Future-proof tech solutions required for risk mitigation

In risk mitigation, the energy system’s stability benefits from future-proof technological solutions as well, namely smart metering, advanced weather forecasting and artificial intelligence–based production optimization, he said. This is where aggregator companies like Alteo come into the picture, its chief underscored.

As for its hardware, the company based in Budapest operates a diverse and balanced production portfolio of gas power plants and renewables, combined with storage, Chikán added.

Alteo runs a portfolio of gas power plants, renewables and storage facilities

“Sounds good, but without a well-designed and functional software, any hardware is purely a collection of materials. And even if they do operate, for sure they operate in a suboptimal way, without synchronization,” he stated.

That’s why Alteo developed its own production management platform, which it offers as a software-as-a-service (SaaS) solution as well.
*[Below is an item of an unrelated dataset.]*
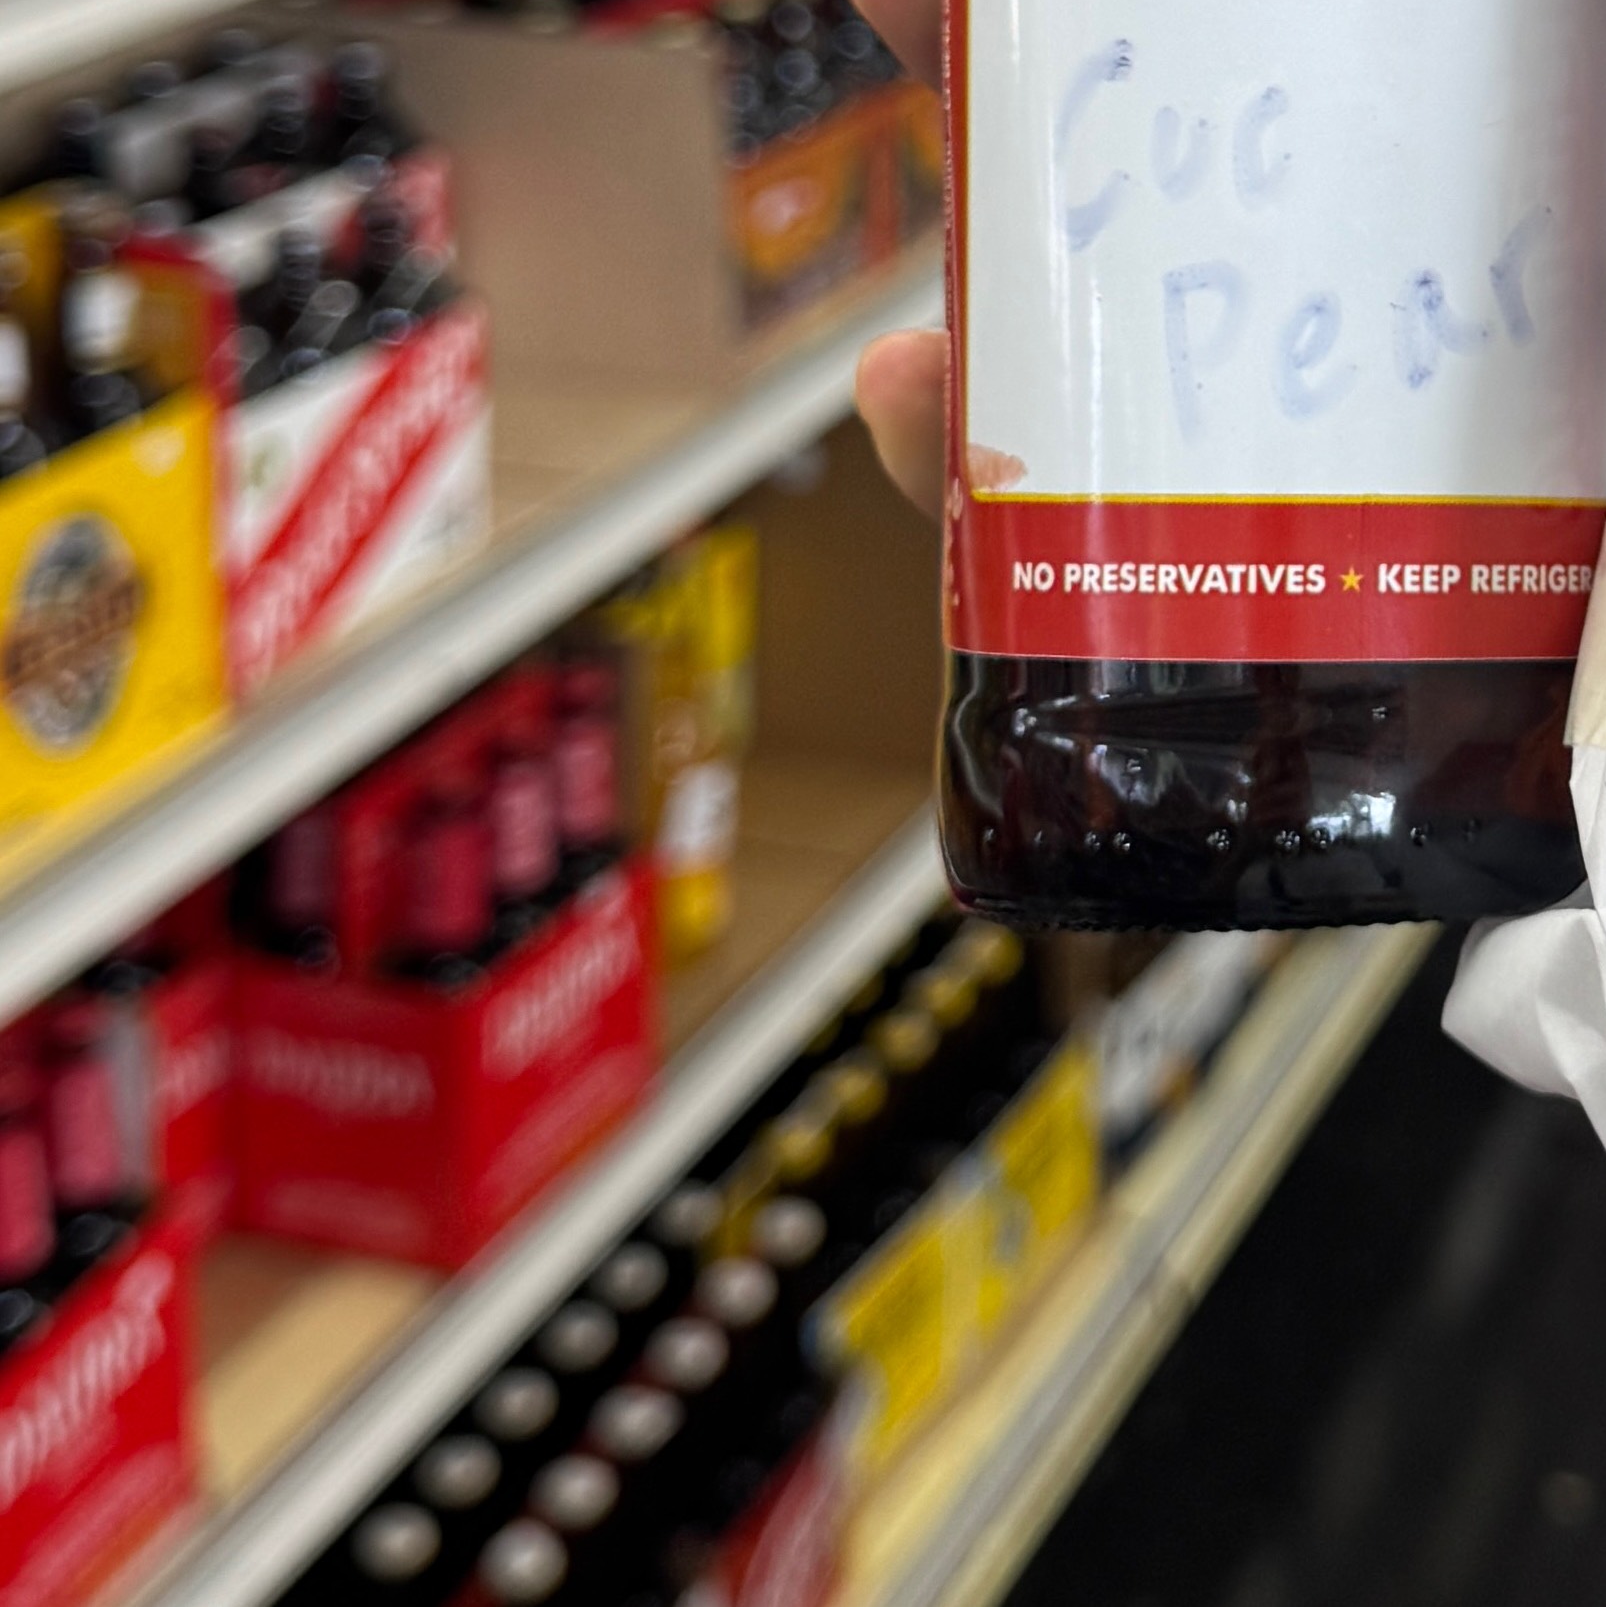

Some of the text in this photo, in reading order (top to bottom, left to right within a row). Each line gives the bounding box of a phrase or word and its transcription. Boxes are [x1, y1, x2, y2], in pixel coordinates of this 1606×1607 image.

The company also supports the operation of 2 GW in third-party capacity, mostly photovoltaics.

“We optimize production in an automated way, using artificial intelligence, integrating real-time weather forecast data, capacity data and market data,” Chikán stressed.

The platform includes executing trading activities. The partners don’t have to deal with scheduling and the balancing energy costs, he said. The company makes a renewable electricity product closer to baseload, Alteo’s head asserted.

Slovakia, Croatia, Serbia are primary investment destinations in Alteo’s regional expansion

Early this year, the company unveiled a strategy for expansion in Hungary as well as into Slovakia, Croatia and Serbia as primary investment destinations. Alteo revealed it is interested in Poland, Czechia, Slovenia, Bosnia and Herzegovina, Montenegro and North Macedonia, too.

Chikán said it also aims to position itself in operations and maintenance (O&M), among other segments. Alteo is particularly seeking stable and reliable AI-based aggregator partnerships, he noted. The company has an investment target of up to EUR 3.5 billion by the end of the decade.